Minister Radebe described HIV as “an epidemic of discrimination” and said that that has to be challenged.

“Our attitude towards those against whom we discriminate on the basis of their HIV status can be regarded as a conduct that has consequences in law and one that affects those fundamental rights that must enjoy protection in our Constitution. I’m mindful that we are the continent with the highest infliction of the HI-virus in the world. Whilst countries such as China pride themselves with the greatest economic growth of our times, we in Africa seem to be renowned for our regressive aspects such as poverty and, in this case, the high incidence of HIV prevalence. This meeting will help our beloved continent to make a turn-around on this human rights issue as we collectively seek to reposition Africa as a success story”, he said.

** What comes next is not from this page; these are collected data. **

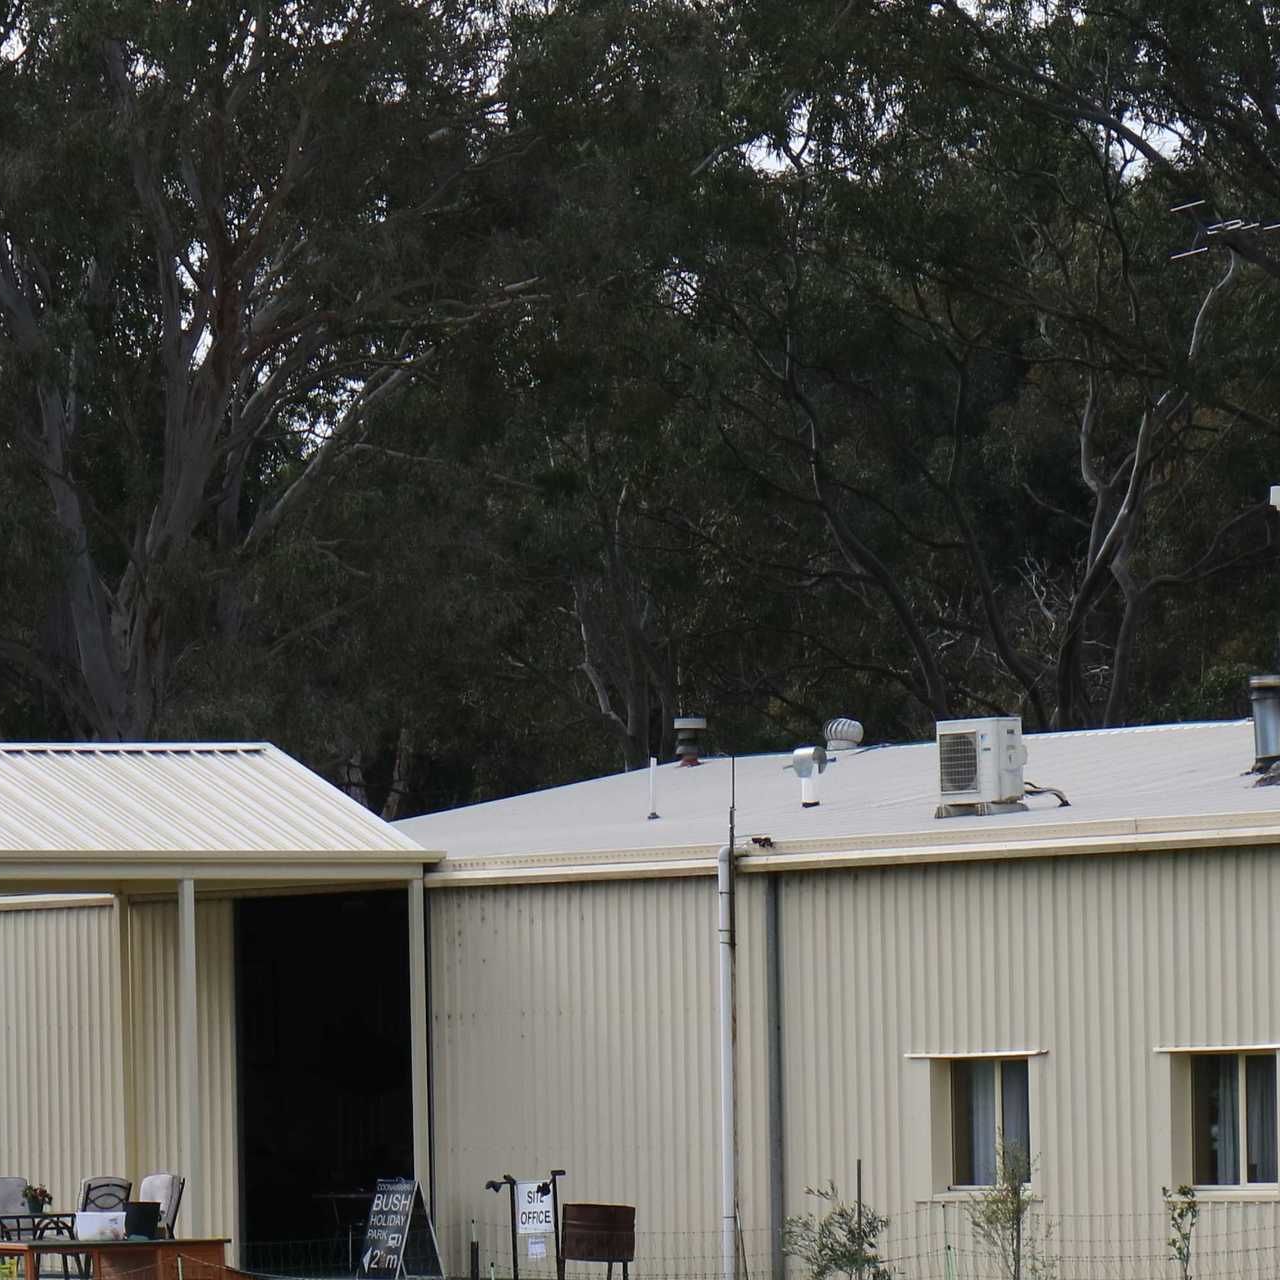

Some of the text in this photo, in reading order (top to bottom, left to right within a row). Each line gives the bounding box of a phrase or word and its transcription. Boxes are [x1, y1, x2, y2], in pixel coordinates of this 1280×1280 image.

[373, 1194, 411, 1211] BUSH
[370, 1215, 406, 1226] HOLIDAY
[520, 1211, 552, 1225] OFFICE
[367, 1229, 388, 1240] PARK
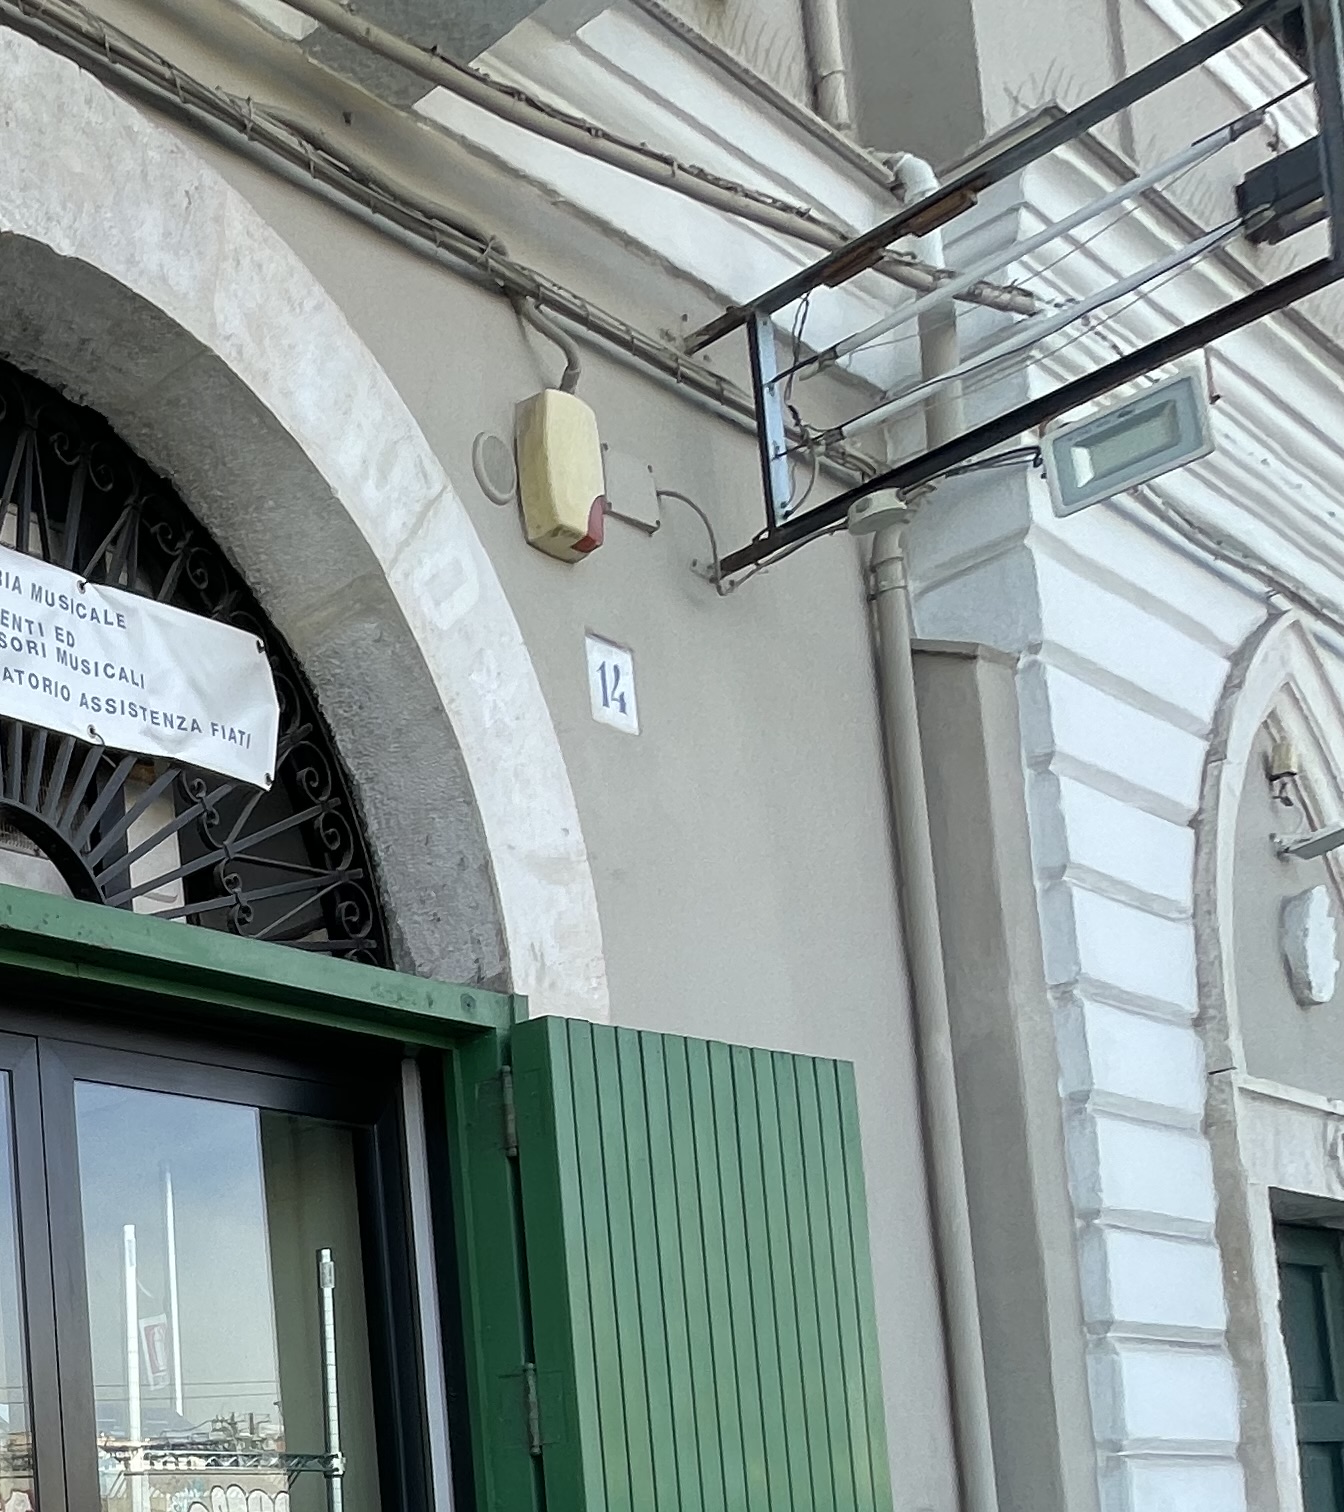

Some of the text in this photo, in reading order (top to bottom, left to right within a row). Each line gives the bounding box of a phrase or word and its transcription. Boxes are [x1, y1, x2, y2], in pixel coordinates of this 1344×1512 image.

[30, 582, 127, 629] MUSICALE
[54, 625, 75, 648] ED
[55, 646, 145, 690] MUSICALI
[596, 660, 628, 716] 14
[79, 692, 203, 733] ASSISTENZA
[211, 721, 252, 750] FIATI

Ghana’s Chief Justice, Georgina T. Wood, told the meeting that the judiciary should “form part of each country’s national response to HIV and AIDS”.

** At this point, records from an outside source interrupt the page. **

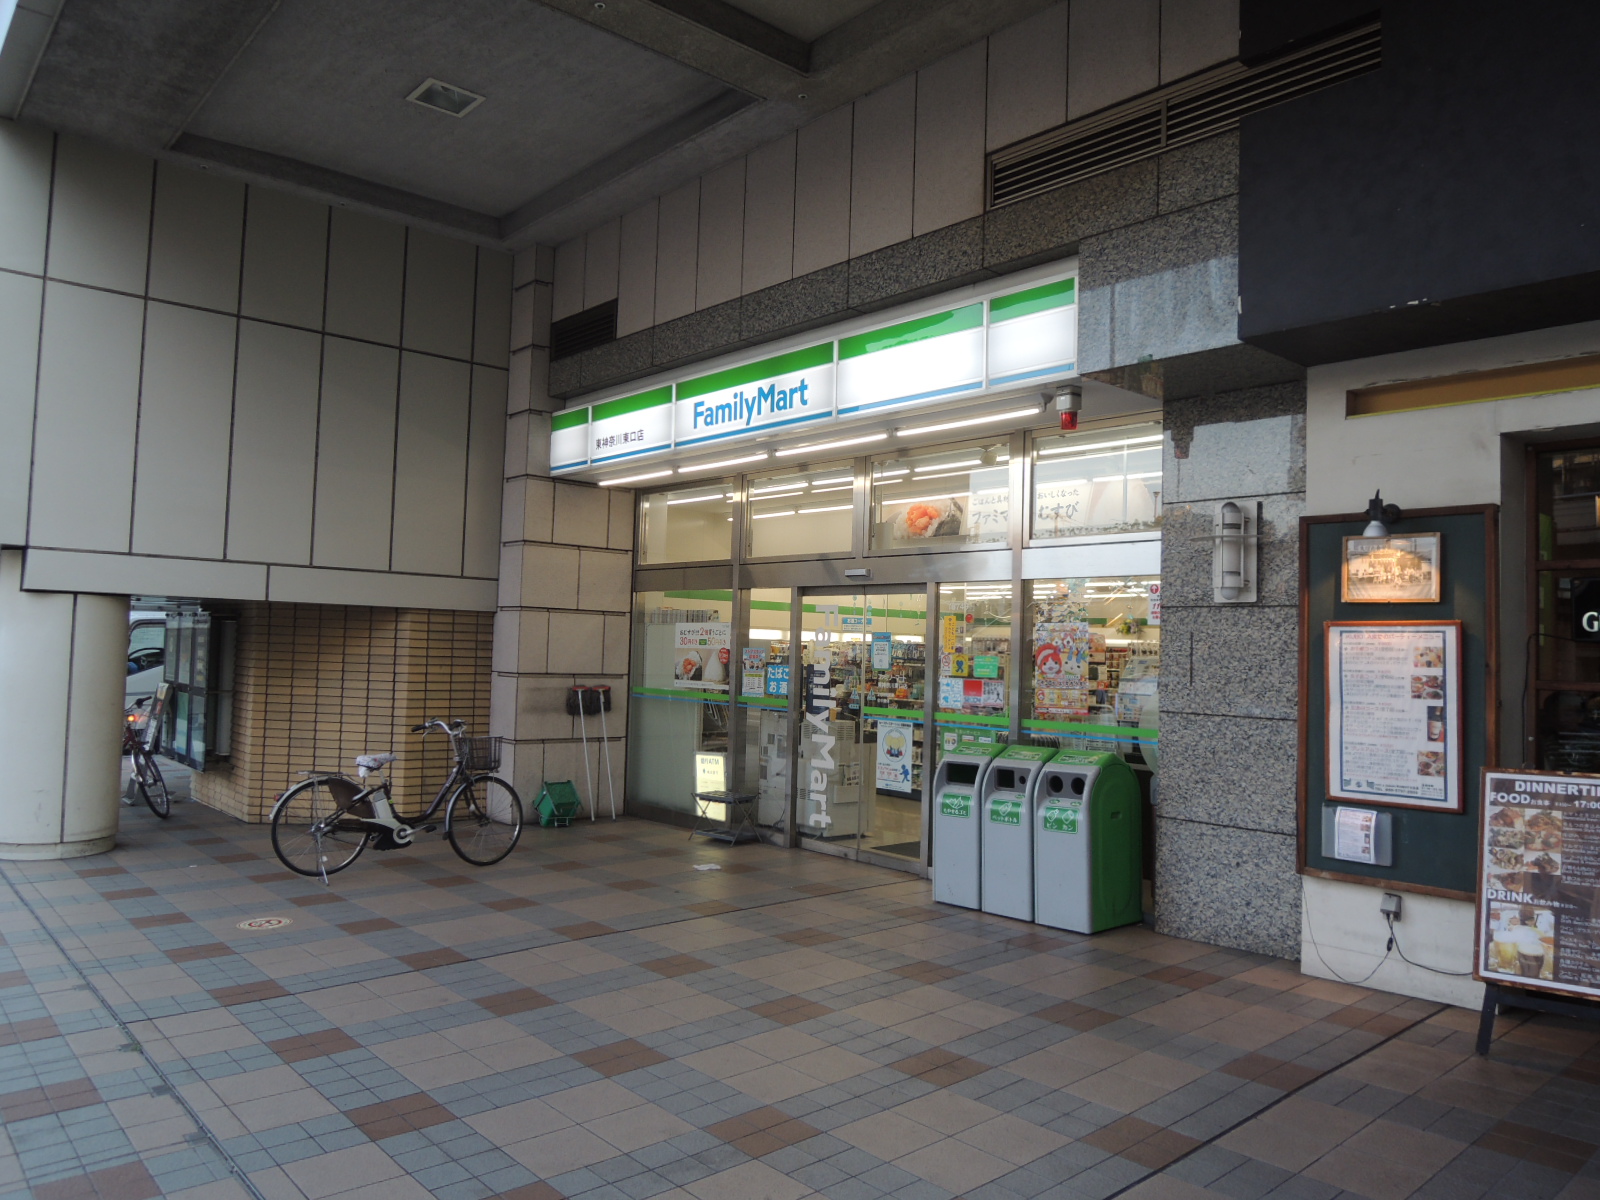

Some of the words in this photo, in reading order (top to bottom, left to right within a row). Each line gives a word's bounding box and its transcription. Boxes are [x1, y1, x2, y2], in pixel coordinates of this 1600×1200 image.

[693, 378, 808, 427] FamilyMart
[595, 429, 645, 450] 東神奈川東口店
[1037, 488, 1080, 500] おいしくなった
[1037, 501, 1080, 521] むすび
[1582, 611, 1600, 633] G
[767, 666, 789, 679] たばこ
[769, 681, 788, 693] お酒
[806, 604, 839, 828] FamilyMart
[1489, 791, 1531, 804] FOOD
[1487, 889, 1533, 904] DRINK

“We need to formulate appropriate responses to discrimination… strategic interventions aimed at enhancing legal mechanisms to protect persons living with it from unwarranted discrimination”, she said.

Head of the AIDS Law Project in Johannesburg, Mark Heywood, said “there are two reasons why it’s important to have a discussion around ensuring that the law promotes the protection of the rights of people living with HIV”.

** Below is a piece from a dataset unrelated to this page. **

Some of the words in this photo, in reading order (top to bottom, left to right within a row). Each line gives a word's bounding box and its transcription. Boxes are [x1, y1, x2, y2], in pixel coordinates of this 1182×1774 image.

“It’s because we all work and live under legal regimes that require us to protect the human rights of the individual. Another powerful reason is because if we don’t protect the rights of people living with HIV, then people living with HIV will go underground and they will not seek services for HIV testing, for counseling, for treatment and it will be very difficult for us to control the epidemic – as it is very difficult for us to control the epidemic”, said Heywood.